Inflammatory bowel disease (IBD), which comprises ulcerative colitis and Crohn’s disease, disables almost 119,000 people each year in the U.S. They’re painful diseases that sooner or later, don’t respond to medications, forcing a patient to undergo surgery. In a statement on Tuesday, DNA testing company 23andMe announced that it would be partnering with pharmaceutical company Pfizer to gain a better understanding of the genetic influence behind IBD in an effort to develop new drugs.

The partnership is one of a few steps 23andMe has been taking to remain active in the health care industry since it was banned by the Food and Drug Administration (FDA) from providing its Personal Genome Service, which interpreted the results of their DNA sequencing tests. The company will now work with Pfizer to complete a study of about 10,000 people who suffer from IBD. The companies will collect at-home testing kits from the 10,000 participants, as well as questionnaires regarding their diseases and symptoms. From these results, they hope to gain insight into IBD’s onset, progression, severity, and response to treatments, according to a press release.  

IBD is the umbrella term for all of the aforementioned conditions, as well as any others in which there’s a chronic or recurring immune response in the gastrointestinal tract. These conditions often cause inflammation as the immune system reacts to foods, drinks, bacteria, and other materials that pass through the intestines, according to the Centers for Disease Control and Prevention (CDC). As the immune system attacks, it causes pain, fever, and severe bleeding in either the rectum or stool. On top of that, IBD also causes occasional skin lesions, joint pain, eye inflammation, and liver disorders.
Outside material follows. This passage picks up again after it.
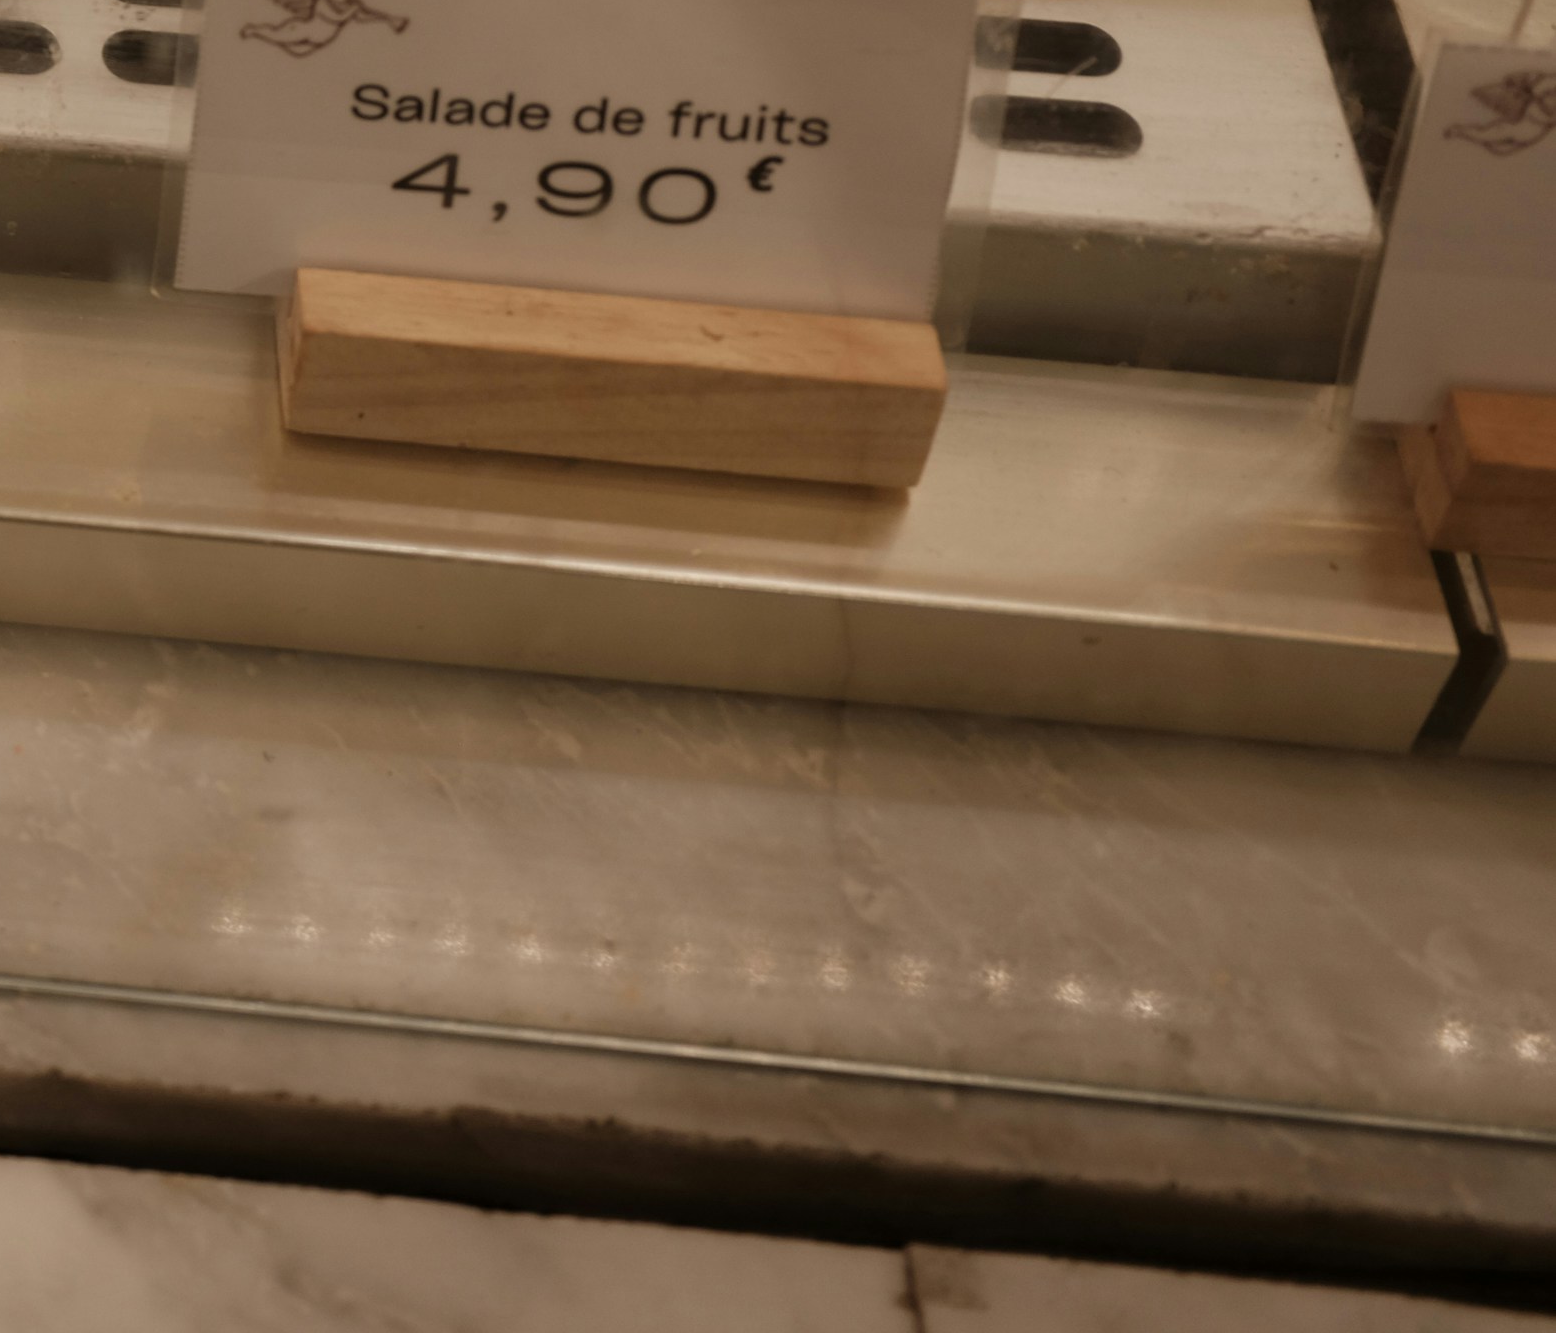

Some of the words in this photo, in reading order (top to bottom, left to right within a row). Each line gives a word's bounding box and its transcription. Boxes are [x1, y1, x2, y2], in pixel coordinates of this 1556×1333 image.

[350, 82, 552, 133] Salade
[571, 96, 646, 138] de
[667, 99, 830, 148] fruits
There is no cure for IBD, so many patients take medications like steroids, immune modifiers, or antibiotics. However, up to 75 percent of Crohn’s patients and 33 percent of ulcerative colitis patients eventually stop responding to medications. Surgery (removing the colon), although helpful for ulcerative colitis, doesn’t always work for Crohn’s, which can reemerge.

IBD is really kind of an all-around mystery; no one is sure exactly how it is triggered. Although some clues indicate diet and stress, the “greatest relative risk” of getting the disease, according to the CDC, “is found among first degree relatives.” For this reason, Pfizer is interested in studying the disease with 23andMe.

“Pfizer is committed to bringing forward new treatments for patients suffering with IBD,” said Jose Carlos Gutierrez-Ramos, senior vice president of biotherapeutics research and development at Pfizer, in the release. “By enhancing our understanding of the underlying biology of the disease, we hope to better support our clinical research activities and development programs.”